BEGIN
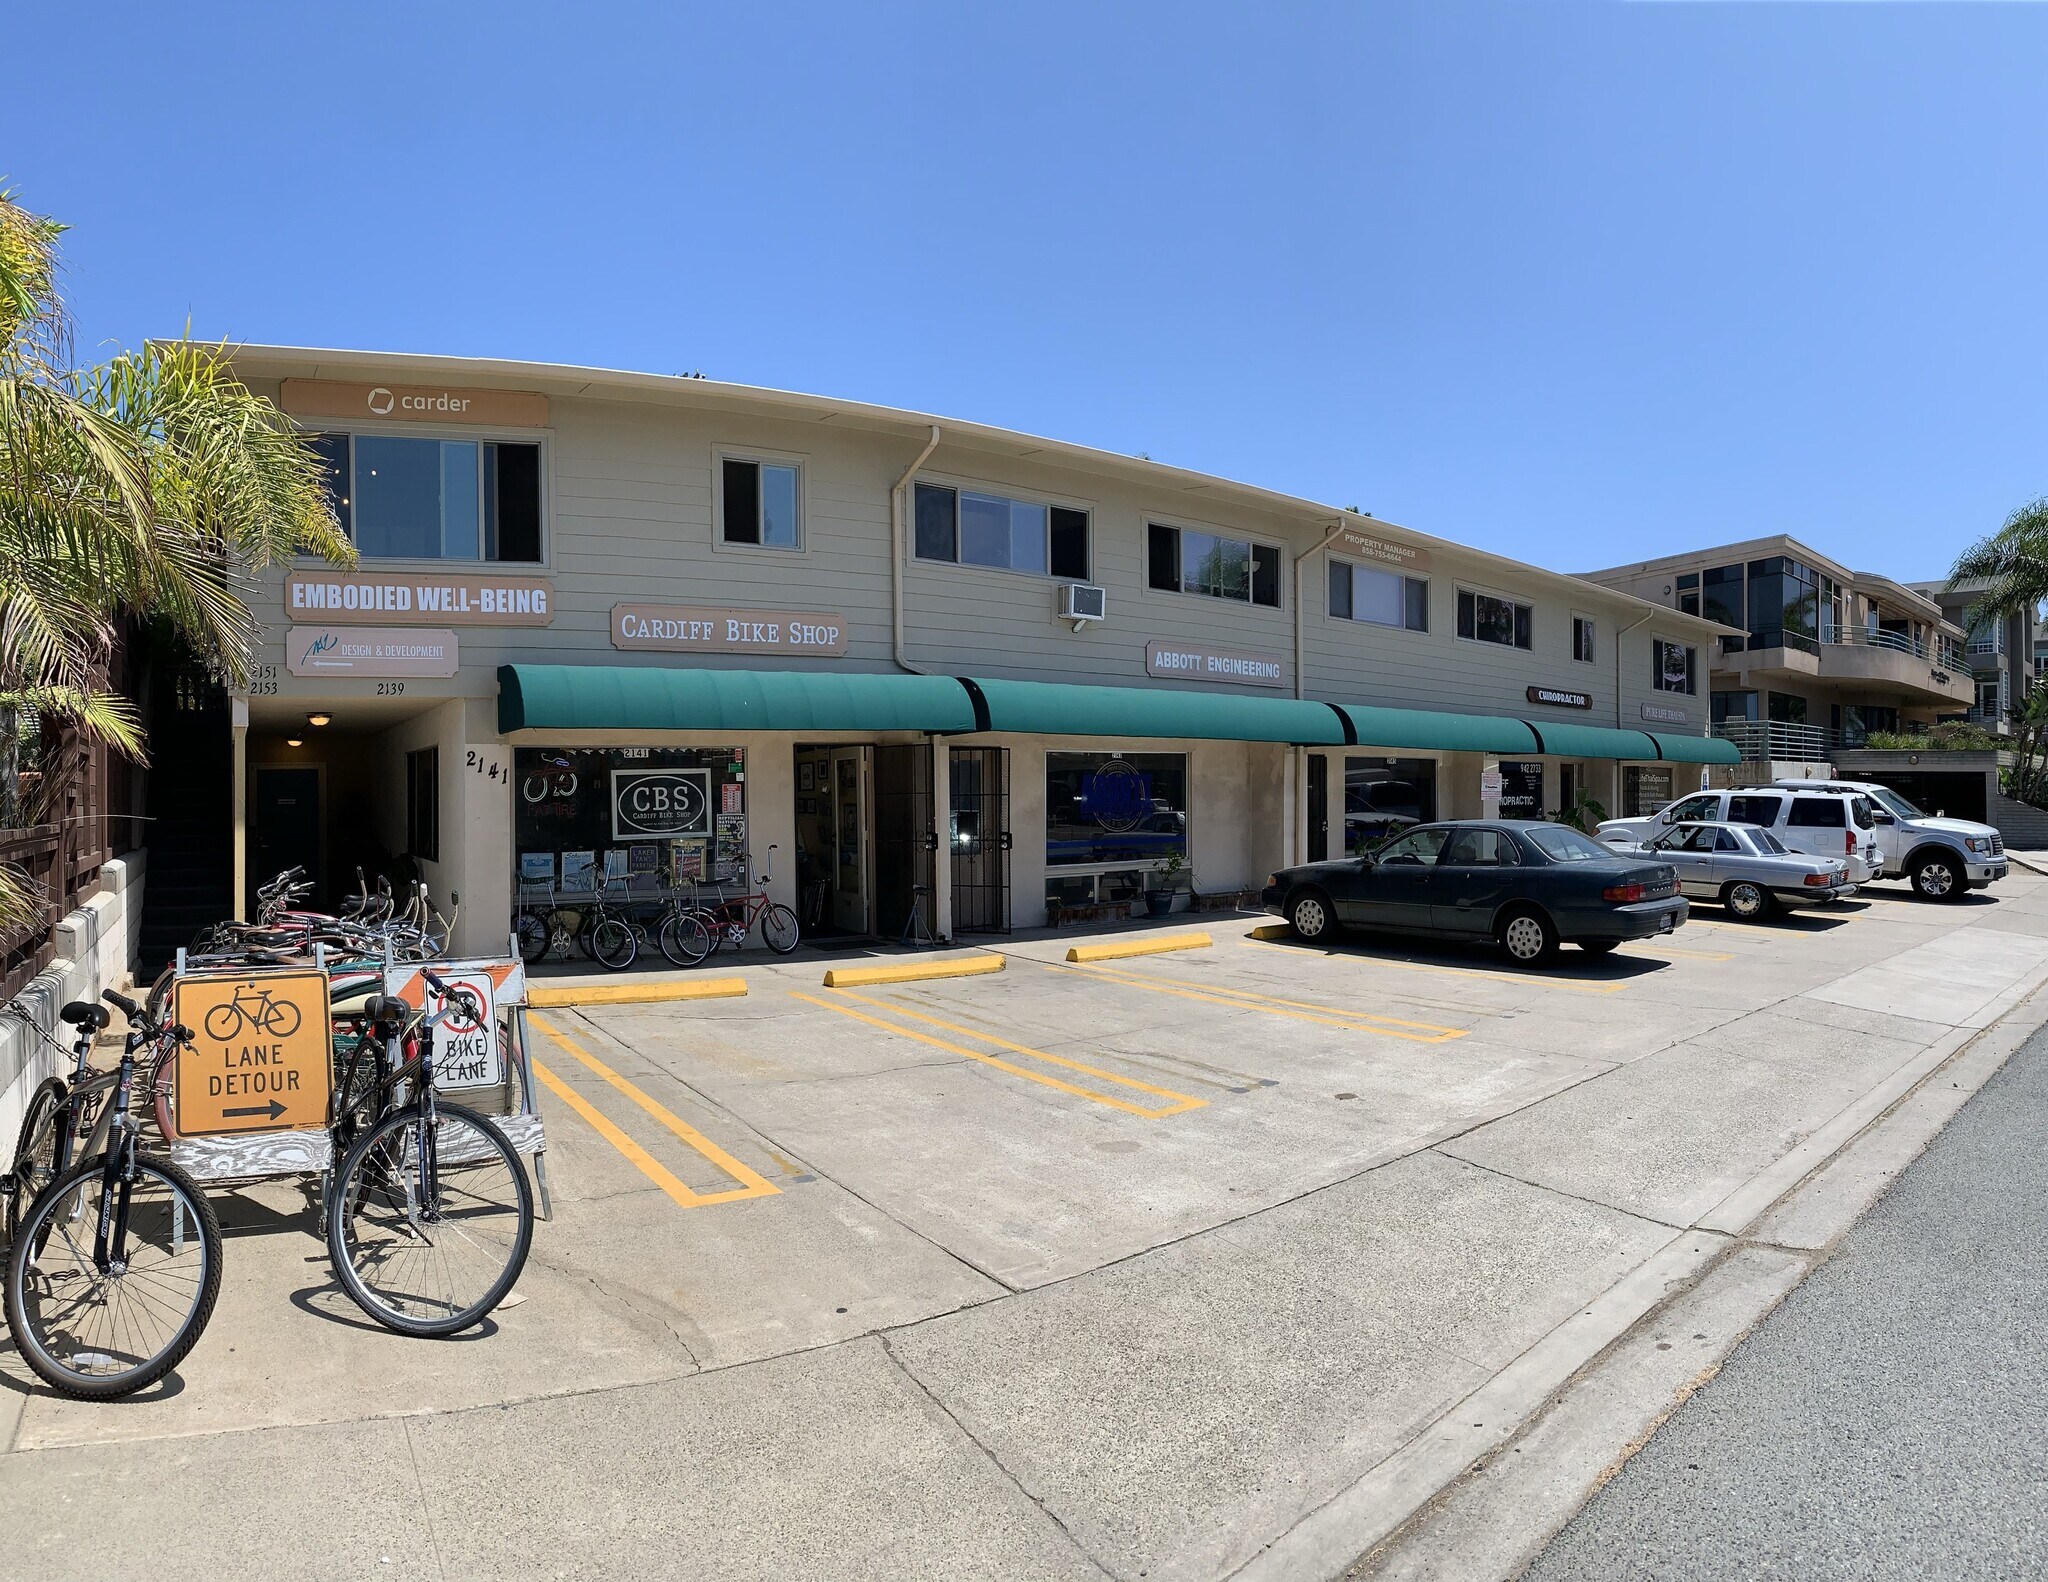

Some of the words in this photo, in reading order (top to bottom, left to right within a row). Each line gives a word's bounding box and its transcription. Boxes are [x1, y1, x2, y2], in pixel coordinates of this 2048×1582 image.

[401, 393, 471, 412] carder
[1344, 533, 1382, 549] PROPERTY
[1384, 543, 1416, 558] MANAGER
[1362, 546, 1402, 562] 858-755-6644
[292, 583, 411, 611] EMBODIED
[416, 586, 547, 614] WELL-BEING
[621, 614, 713, 640] CARDIFF
[726, 619, 780, 643] BIKE
[789, 622, 839, 645] SHOP
[341, 644, 372, 656] DESIGN
[376, 645, 383, 657] &
[385, 645, 444, 657] DEVELOPMENT
[1155, 651, 1202, 671] ABBOTT
[1207, 656, 1280, 679] ENGINEERING
[250, 682, 278, 695] 2153
[377, 683, 405, 695] 2139
[1538, 690, 1585, 706] CHIROPRACTOR
[624, 749, 649, 758] 2141
[466, 751, 507, 784] 2141
[632, 786, 690, 812] CBS
[527, 803, 550, 817] FAT
[552, 802, 577, 817] TIRE
[632, 812, 657, 820] CARDIFF
[659, 811, 674, 819] BIKE
[225, 1044, 284, 1068] LANE
[446, 1038, 486, 1058] BIKE
[446, 1061, 488, 1081] LANE
[209, 1070, 300, 1096] DETOUR
END
Please hand back every entry above exactly, with no images in the copy.

Some of the words in this photo, in reading order (top to bottom, left to right within a row). Each line gives a word's bounding box and its transcription. Boxes are [x1, y1, x2, y2], in pixel coordinates of this 2048×1582 image.

[401, 393, 471, 412] carder
[1344, 533, 1382, 549] PROPERTY
[1384, 543, 1416, 558] MANAGER
[1362, 546, 1402, 562] 858-755-6644
[292, 583, 411, 611] EMBODIED
[416, 586, 547, 614] WELL-BEING
[621, 614, 713, 640] CARDIFF
[726, 619, 780, 643] BIKE
[789, 622, 839, 645] SHOP
[341, 644, 372, 656] DESIGN
[376, 645, 383, 657] &
[385, 645, 444, 657] DEVELOPMENT
[1155, 651, 1202, 671] ABBOTT
[1207, 656, 1280, 679] ENGINEERING
[250, 682, 278, 695] 2153
[377, 683, 405, 695] 2139
[1538, 690, 1585, 706] CHIROPRACTOR
[624, 749, 649, 758] 2141
[466, 751, 507, 784] 2141
[632, 786, 690, 812] CBS
[527, 803, 550, 817] FAT
[552, 802, 577, 817] TIRE
[632, 812, 657, 820] CARDIFF
[659, 811, 674, 819] BIKE
[225, 1044, 284, 1068] LANE
[446, 1038, 486, 1058] BIKE
[446, 1061, 488, 1081] LANE
[209, 1070, 300, 1096] DETOUR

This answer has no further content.